Death of a great man

By Adam Kotlarczyk

Last week, when Arthur Miller died at age 89, America lost more than an award-winning playwright – we lost a candid and nuanced commentator on American life.

There are few better qualified to speak about America and the American Dream than Miller. His family, hurt by the Depression, couldn’t afford to send him to college so he worked in New York as a loader and shipping clerk to earn enough money to finally attend the University of Michigan.

Just 11 years after graduating, he won a Pulitzer Prize for “Death of A Salesman” in 1949. He was 33.

One might think our current “moral values” society would have a strong demand for Miller’s works, which often spoke to issues of family, morality and personal responsibility. But the worlds of Miller’s plays don’t offer the oversimplified, black-and-white concept of morality that has become so popular – the type of morality, for example, that passionately decried Janet Jackson’s “wardrobe malfunction” at last year’s Super Bowl and led to the lifeless crop of dull Super Bowl commercials this year.

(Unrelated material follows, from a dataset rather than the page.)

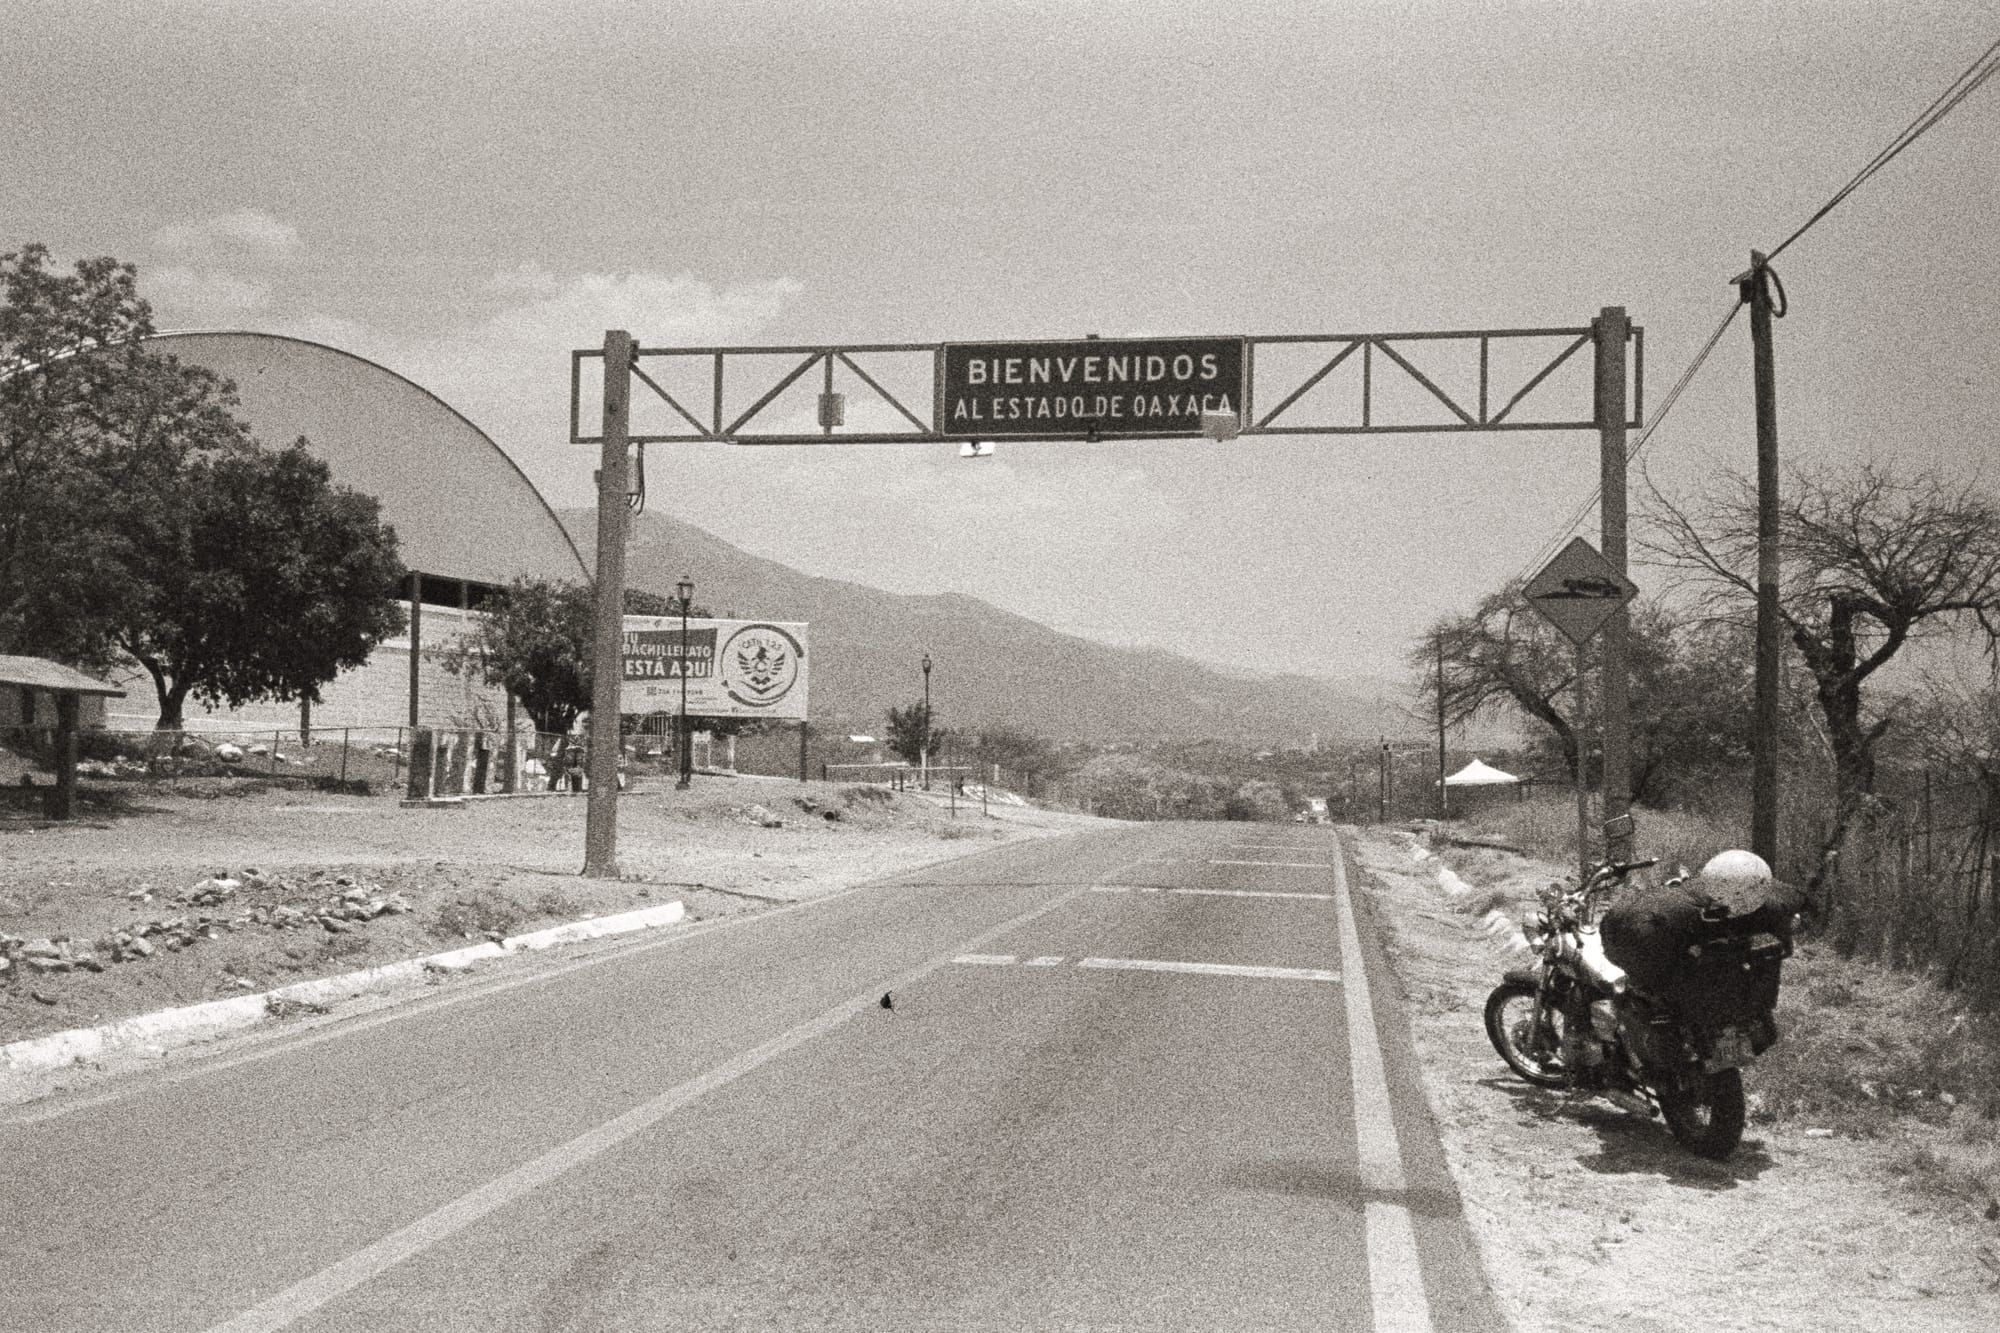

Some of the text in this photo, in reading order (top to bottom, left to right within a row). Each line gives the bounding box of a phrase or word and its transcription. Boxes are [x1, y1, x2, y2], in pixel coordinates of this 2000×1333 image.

Rather, Miller often explores difficult moral gray areas. Why should we care about the fate of Willy Loman, the central character of “Death of a Salesman” who cheats on his wife, Linda? Linda answers that for us: “I don’t say he’s a great man. Willy Loman never made a lot of money. His name was never in the paper. He’s not the finest character that ever lived. But he’s a human being, and a terrible thing is happening to him. So attention must be paid.”

In “The Crucible,” which opened in 1953, Miller provided commentary on McCarthyism, likening it to the Salem Witch Trials. In describing the character of Reverend Hale, Miller objects to the polarizing mentality that often leads to such cultural hysteria – a hysteria that is present in the political talk shows and the “with us or against us” rhetoric of today.

“Ours is a divided empire,” Hale criticizes, “in which certain ideas and emotions and actions are of God, and their opposites are of Lucifer.”

“The concept of unity,” he explains, “in which … good and evil are relative, ever-changing, and always joined to the same phenomenon – such a concept is still reserved for the physical sciences and to the few who have grasped the history of ideas.”

As a result of us ignoring this “concept of unity,” Miller warns that “political opposition can be given an inhumane overlay.” More than 50 years later, his warning still rings true. We saw this “overlay” run rampant throughout last year’s election season. Think political attack ads. Think Swift Boat Veterans. Think protesters at the RNC. Think Zell Miller.

Whether you’re a war-mongering conservative or an America-hating liberal, it’s hard not to feel as though your political rivals have demonized you, and that the important political discussion that should be taking place has been supplanted by name-calling and stereotypes. A glance at my e-mail inbox on the day my column runs is usually enough to persuade me of this.

Arthur Miller’s death leaves us without a fine literary and social commentator. But he has left us his plays, which, if we are willing to listen, provide us with many lessons about his time, and our own.

Columns reflect the opinion of the author and not necessarily that of the Northern Star staff.